The above starts to become a little unwieldy so to simplify it we can convert the above objects point, xAxis, yAxis, zAxis, origin into a set of arrays (called matrices)

point = [5,6,4]; // vector as array  [x,y,z]
origin = [0,0,0]; // origin as array [x,y,z]
rotation = [1,0,0,0,1,0,0,0,1]; // 3 axis [x.x,x.y,x.z, y.x,y.y,y.z, z.x,z.y,z.z]

// rotation /*
    [x.x,x.y,x.z,  // x axis
     y.x,y.y,y.z,  // y axis
     z.x,z.y,z.z]  // z axis
*/

The notation can be simplified and in many languages overloading will allow you to do the math directly in shorthand form.

 pos = point * rotation + origin;    

3D rotation

In 2D we generally only rotate around a single imaginary axis ( the z axis in and out of the screen) in 3D we rotate around one of 3 axis, the x, y or z axis.

The order we rotate in also affect the final rotated location. Rotate 5 degree around z then 10 deg around y is different than 10 deg around y then 5 around z.

As each axis is itself a vector that can be rotated, we can rotate each axis by a rotation matrix. The result is a matrix that has many rotations all combined.

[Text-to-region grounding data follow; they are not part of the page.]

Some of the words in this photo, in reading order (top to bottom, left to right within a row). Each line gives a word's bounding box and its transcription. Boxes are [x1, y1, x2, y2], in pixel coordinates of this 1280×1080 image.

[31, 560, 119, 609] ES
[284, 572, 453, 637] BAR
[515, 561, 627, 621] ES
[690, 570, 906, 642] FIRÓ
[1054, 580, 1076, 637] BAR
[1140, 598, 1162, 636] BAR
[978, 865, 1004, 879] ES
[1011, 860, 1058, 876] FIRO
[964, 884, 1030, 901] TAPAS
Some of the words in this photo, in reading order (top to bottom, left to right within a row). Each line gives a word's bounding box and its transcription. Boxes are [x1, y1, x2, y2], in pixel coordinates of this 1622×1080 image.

So say we want to rotate about the z axis 10 deg we create the 3 rotated axis

ang = 10; // in deg
xAxisA = [cos(ang) ,sin(ang),0];  // 1 unit long
yAxisA = [-sin(ang),cos(ang),0];  // 1 unit long
zAxisA = [0        ,0       ,1];  // 1 unit long

Or as a rotation matrix

A = rotationZ = [cos(ang), sin(ang), 0, -sin(ang), cos(ang), 0, 0, 0, 1];

And we want to then rotate about the y

xAxisB = [cos(ang) ,0 , sin(ang)];  // 1 unit long
yAxisB = [0,        1 , 0 ];        // 1 unit long
zAxisB = [-sin(ang),0, cos(ang)];   // 1 unit long

Or as a rotation matrix

B = rotationY = [cos(ang), 0, sin(ang), 0, 1, 0, -sin(ang), 0, cos(ang)];

We can then rotate each axis in the z rotation by the y rotation.

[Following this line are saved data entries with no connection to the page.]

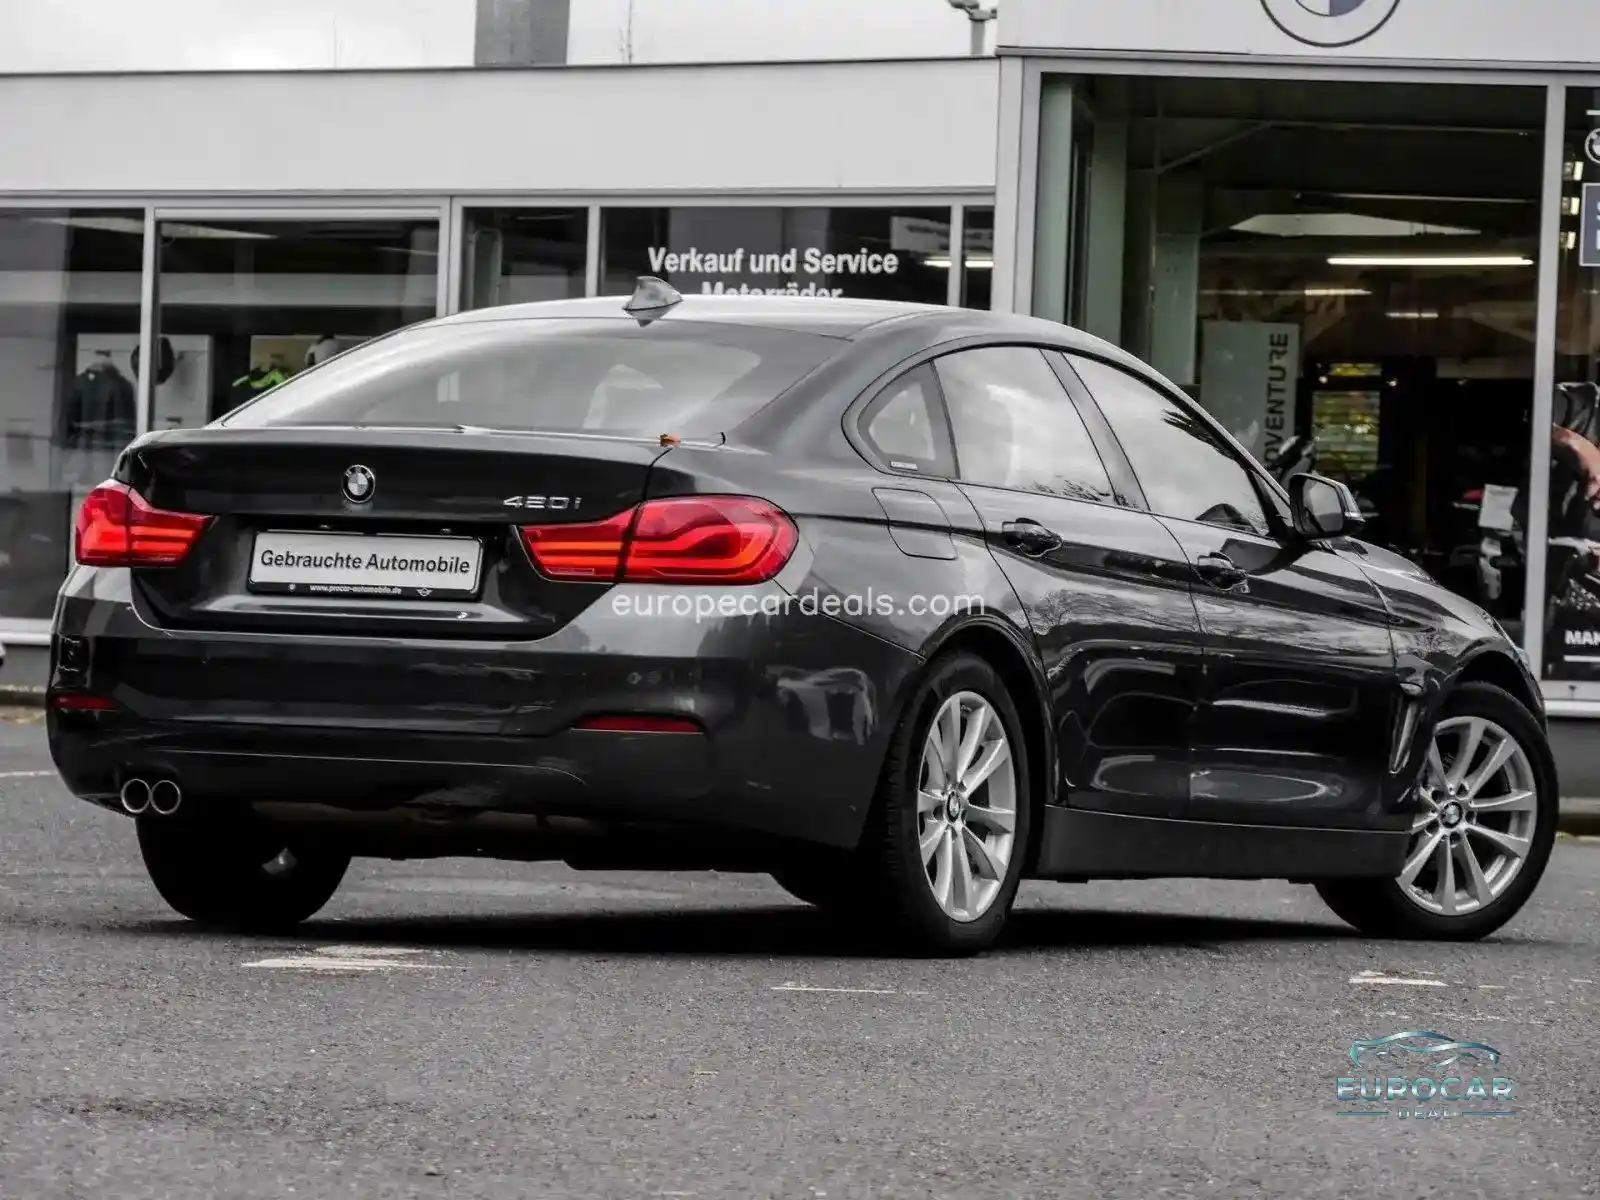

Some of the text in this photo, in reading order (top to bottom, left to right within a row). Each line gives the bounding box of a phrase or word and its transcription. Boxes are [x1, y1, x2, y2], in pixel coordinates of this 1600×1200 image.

[648, 247, 899, 274] Verkauf und Service
[1264, 333, 1288, 470] DVENTURE
[503, 496, 582, 510] 420i
[260, 549, 470, 574] Gebrauchte Automobile
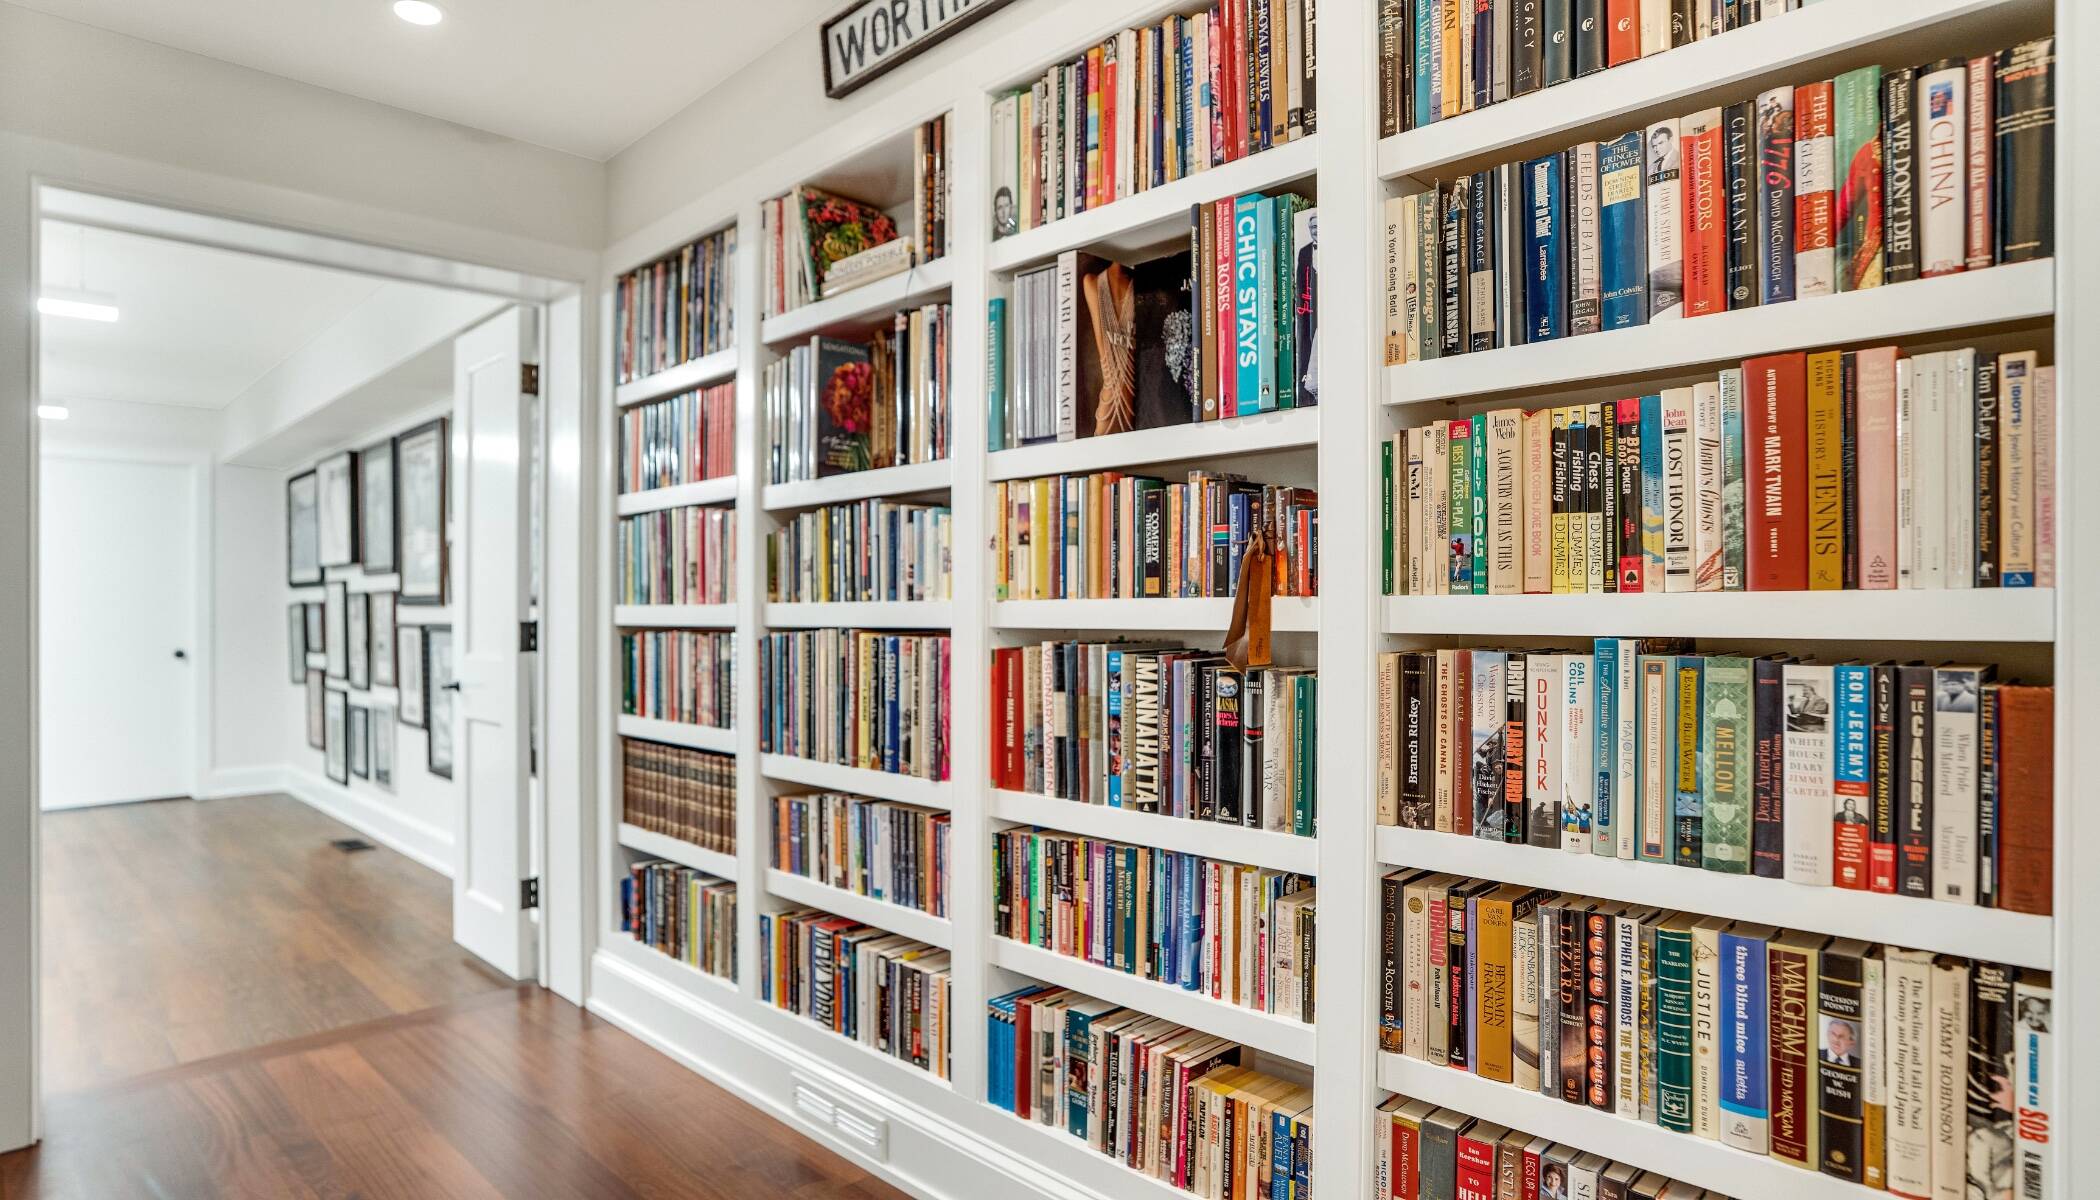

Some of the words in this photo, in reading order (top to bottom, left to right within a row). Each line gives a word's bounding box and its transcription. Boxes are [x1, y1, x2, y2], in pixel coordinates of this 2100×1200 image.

// rotate each rotation axis by the second rotation axis.
xAxisAB.x = xAxisA.x * xAxisB.x + xAxisA.y * yAxisB.x + xAxisA.z * zAxisB.x;
xAxisAB.y = xAxisA.x * xAxisB.y + xAxisA.y * yAxisB.y + xAxisA.z * zAxisB.y;
xAxisAB.z = xAxisA.x * xAxisB.z + xAxisA.y * yAxisB.z + xAxisA.z * zAxisB.z;
yAxisAB.x = yAxisA.x * xAxisB.x + yAxisA.y * yAxisB.x + yAxisA.z * zAxisB.x;
yAxisAB.y = yAxisA.x * xAxisB.y + yAxisA.y * yAxisB.y + yAxisA.z * zAxisB.y;
yAxisAB.z = yAxisA.x * xAxisB.z + yAxisA.y * yAxisB.z + yAxisA.z * zAxisB.z;
zAxisAB.x = zAxisA.x * xAxisB.x + zAxisA.y * yAxisB.x + zAxisA.z * zAxisB.x;
zAxisAB.y = zAxisA.x * xAxisB.y + zAxisA.y * yAxisB.y + zAxisA.z * zAxisB.y;
zAxisAB.z = zAxisA.x * xAxisB.z + zAxisA.y * yAxisB.z + zAxisA.z * zAxisB.z;

Or short hand

rotationAB = rotationZ * rotationY;

or

AB = A * B;

The resulting matrix AB is the combined rotation of the z rotation and then the y rotation. You can keep going, rotate around the x

// rotate about the x Axis
xAxisC = [1,        0 , 0 ];        // 1 unit long
yAxisC = [0, cos(ang) , sin(ang)];  // 1 unit long
zAxisC = [0, -sin(ang), cos(ang)];  // 1 unit long

C = rotationX =[1, 0, 0, 0, cos(ang), sin(ang), 0, -sin(ang), cos(ang)];

The final rotation is

ABC = A * B * C

But remember that the order is important.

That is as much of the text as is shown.